Would you please restate every record exactly as written?

(Beginning of DATA PROVIDED)

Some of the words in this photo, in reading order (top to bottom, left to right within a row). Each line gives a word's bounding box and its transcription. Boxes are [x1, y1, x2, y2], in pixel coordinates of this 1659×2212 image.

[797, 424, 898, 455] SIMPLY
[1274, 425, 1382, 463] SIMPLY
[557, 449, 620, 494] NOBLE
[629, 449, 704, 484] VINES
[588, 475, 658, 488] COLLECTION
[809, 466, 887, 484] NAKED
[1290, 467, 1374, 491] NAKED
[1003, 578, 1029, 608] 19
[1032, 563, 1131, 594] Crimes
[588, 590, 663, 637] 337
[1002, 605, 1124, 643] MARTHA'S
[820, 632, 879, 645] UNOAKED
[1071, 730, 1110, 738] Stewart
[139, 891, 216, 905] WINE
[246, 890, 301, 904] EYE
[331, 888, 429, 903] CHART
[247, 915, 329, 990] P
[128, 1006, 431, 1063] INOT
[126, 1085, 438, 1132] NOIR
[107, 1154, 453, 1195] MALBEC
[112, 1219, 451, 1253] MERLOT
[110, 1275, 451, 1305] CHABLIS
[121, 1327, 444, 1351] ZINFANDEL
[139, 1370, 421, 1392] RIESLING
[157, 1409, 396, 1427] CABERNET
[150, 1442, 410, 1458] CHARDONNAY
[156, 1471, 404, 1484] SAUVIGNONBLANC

(End of DATA PROVIDED)

_RESULT FOR THIS TASK:_
Some of the words in this photo, in reading order (top to bottom, left to right within a row). Each line gives a word's bounding box and its transcription. Boxes are [x1, y1, x2, y2], in pixel coordinates of this 1659×2212 image.

[797, 424, 898, 455] SIMPLY
[1274, 425, 1382, 463] SIMPLY
[557, 449, 620, 494] NOBLE
[629, 449, 704, 484] VINES
[588, 475, 658, 488] COLLECTION
[809, 466, 887, 484] NAKED
[1290, 467, 1374, 491] NAKED
[1003, 578, 1029, 608] 19
[1032, 563, 1131, 594] Crimes
[588, 590, 663, 637] 337
[1002, 605, 1124, 643] MARTHA'S
[820, 632, 879, 645] UNOAKED
[1071, 730, 1110, 738] Stewart
[139, 891, 216, 905] WINE
[246, 890, 301, 904] EYE
[331, 888, 429, 903] CHART
[247, 915, 329, 990] P
[128, 1006, 431, 1063] INOT
[126, 1085, 438, 1132] NOIR
[107, 1154, 453, 1195] MALBEC
[112, 1219, 451, 1253] MERLOT
[110, 1275, 451, 1305] CHABLIS
[121, 1327, 444, 1351] ZINFANDEL
[139, 1370, 421, 1392] RIESLING
[157, 1409, 396, 1427] CABERNET
[150, 1442, 410, 1458] CHARDONNAY
[156, 1471, 404, 1484] SAUVIGNONBLANC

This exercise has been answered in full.